Concepts (deep dive)

Channels — the shape

                     ┌─────────────────────────┐
                     │       Channel<T>         │
                     │                          │
   Producer  ──────► │  ChannelWriter<T>        │
   (multiple ok)     │   - WriteAsync           │
                     │   - TryWrite             │
                     │   - Complete             │
                     └─────────┬────────────────┘
                               ▼ (queue, bounded or unbounded)
                     ┌─────────────────────────┐
                     │  ChannelReader<T>        │ ◄────── Consumer
                     │   - ReadAsync             │         (multiple ok)
                     │   - TryRead              │
                     │   - WaitToReadAsync       │
                     │   - ReadAllAsync          │
                     │   - Completion (Task)     │
                     └─────────────────────────┘

Create:

// Unbounded: writers never wait, channel grows freely
Channel<Item> ch = Channel.CreateUnbounded<Item>();

// Bounded with backpressure: writer awaits when full
var ch2 = Channel.CreateBounded<Item>(new BoundedChannelOptions(capacity: 1024)
{
    FullMode = BoundedChannelFullMode.Wait,
    SingleReader = true,
    SingleWriter = false
});

FullMode semantics

When a bounded channel is full and a writer arrives:

FullMode Behavior
Wait (default) WriteAsync awaits until there's room.
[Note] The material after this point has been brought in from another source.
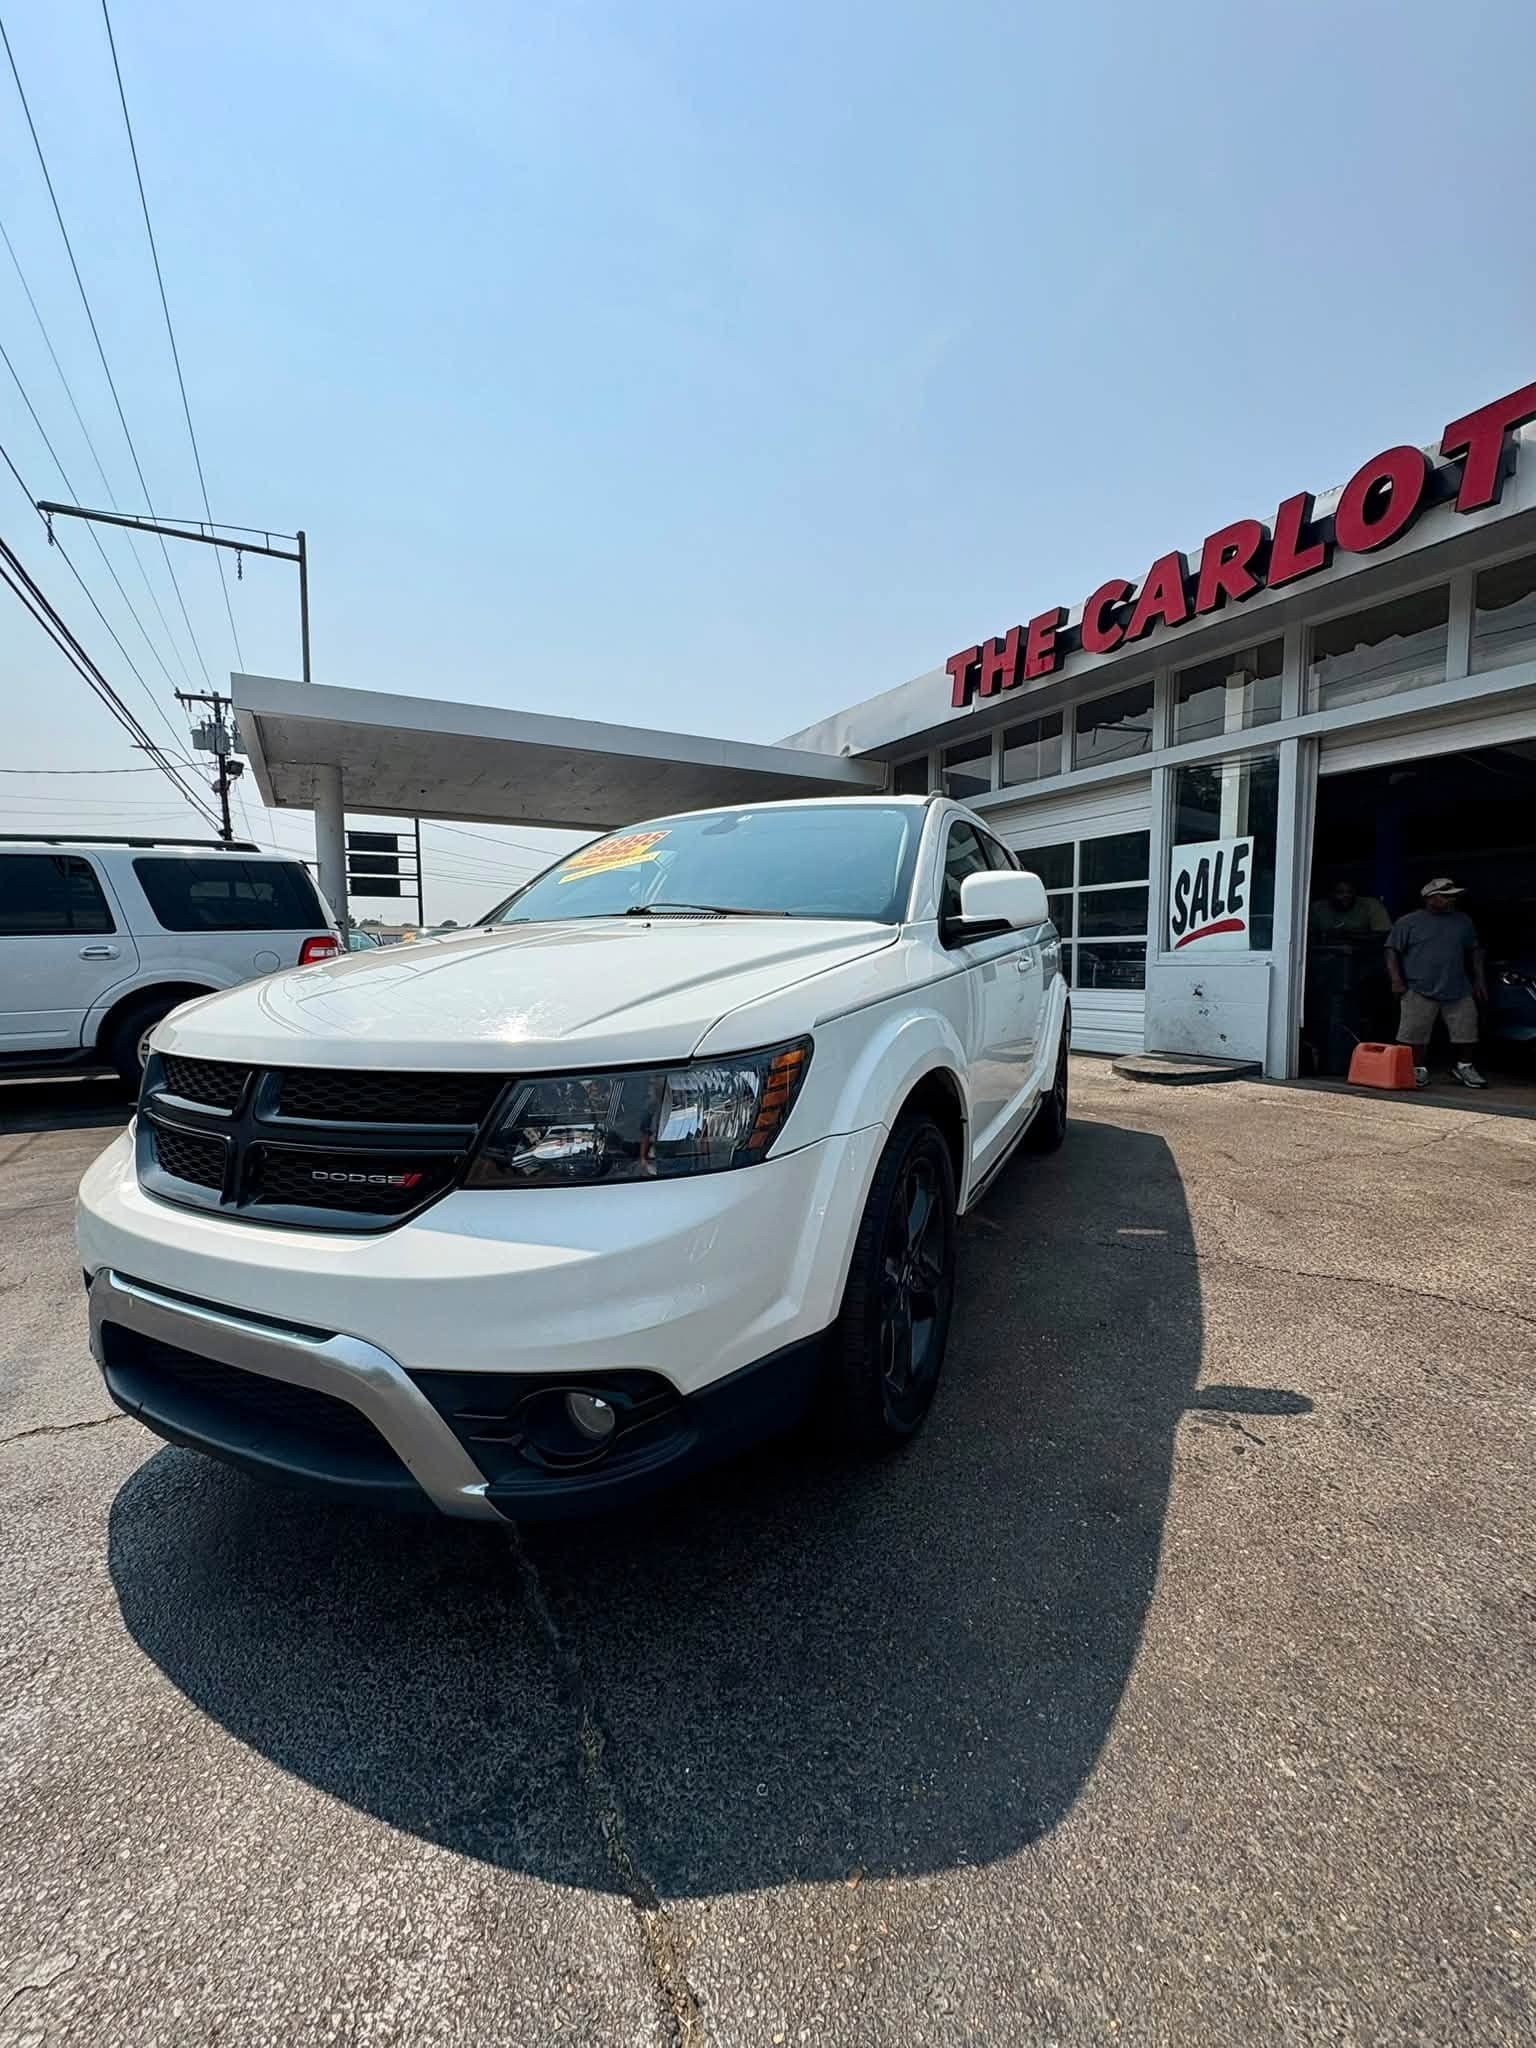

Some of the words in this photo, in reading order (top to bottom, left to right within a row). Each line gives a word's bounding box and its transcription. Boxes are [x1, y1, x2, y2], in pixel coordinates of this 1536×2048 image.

[946, 606, 1066, 707] THE
[1080, 381, 1536, 654] CARLOT
[1172, 844, 1249, 936] SALE
[311, 1170, 406, 1185] DODGE
Pure backpressure.
DropOldest Discards the head item, writes the new one. Recent-data wins.
DropNewest Discards the tail item, writes the new one.
DropWrite Discards the incoming item; TryWrite returns false, WriteAsync returns silently.
var ch = Channel.CreateBounded<Sample>(new BoundedChannelOptions(100)
{
    FullMode = BoundedChannelFullMode.DropOldest   // sliding window of latest 100 samples
});

⚠️ Senior trap: Drop* modes silently lose data. Track drop counts (e.g., Interlocked.Increment on a counter) so you can alert when loss is occurring.

Reader patterns

// 1. ReadAllAsync — the modern idiom
await foreach (var item in ch.Reader.ReadAllAsync(ct))
    Process(item);

// 2. WaitToReadAsync + TryRead — when you need batching or fine-grained control
while (await ch.Reader.WaitToReadAsync(ct))
{
    while (ch.Reader.TryRead(out var item))
        Process(item);
}

ReadAllAsync is the cleanest for "process each item one at a time". WaitToReadAsync + TryRead lets you drain in batches — efficient when processing is faster done in bulk.

Producer completion

public async Task ProduceAsync(ChannelWriter<Item> writer, CancellationToken ct)
{
    try
    {
        foreach (var item in await SourceAsync(ct))
            await writer.WriteAsync(item, ct);
    }
    catch (Exception ex)
    {
        writer.Complete(ex);   // signals failure to readers
        throw;
    }
    writer.Complete();         // normal completion
}

Complete() signals "no more items". Readers see WaitToReadAsync return false (or ReadAllAsync exit cleanly). Complete(exception) signals failure — readers' WaitToReadAsync throws the exception, propagating it through.

writer.TryComplete() is the "complete only if not already" variant — useful in concurrent producers where any might finish first.

Single-reader / single-writer optimizations

var ch = Channel.CreateBounded<int>(new BoundedChannelOptions(100)
{
    SingleReader = true,
    SingleWriter = true
});

When set, the channel uses lock-free fast paths that assume only one thread enters each side at a time. 2-3x throughput improvement for the right workloads.

⚠️ The runtime does not enforce the constraint. Two readers on a SingleReader=true channel will silently corrupt state — race conditions on internal fields. If you can't guarantee single-threaded access on a side, leave it false.

Idiomatic pipeline

public async Task RunPipelineAsync(CancellationToken ct)
{
    var ch = Channel.CreateBounded<RawItem>(new(1024) { SingleWriter = true });
    var enriched = Channel.CreateBounded<EnrichedItem>(new(512) { SingleReader = true });

    var producer = Task.Run(async () =>
    {
        try
        {
            await foreach (var raw in _source.ReadAsync(ct))
                await ch.Writer.WriteAsync(raw, ct);
        }
        finally { ch.Writer.Complete(); }
    });

    var enricher = Task.Run(async () =>
    {
        try
        {
            await foreach (var raw in ch.Reader.ReadAllAsync(ct))
            {
                var e = await EnrichAsync(raw, ct);
                await enriched.Writer.WriteAsync(e, ct);
            }
        }
        finally { enriched.Writer.Complete(); }
    });

    var consumer = Task.Run(async () =>
    {
        await foreach (var e in enriched.Reader.ReadAllAsync(ct))
            await _sink.WriteAsync(e, ct);
    });

    await Task.WhenAll(producer, enricher, consumer);
}

Each stage has its own bounded channel — backpressure propagates upstream automatically. The slowest stage rate-limits the pipeline.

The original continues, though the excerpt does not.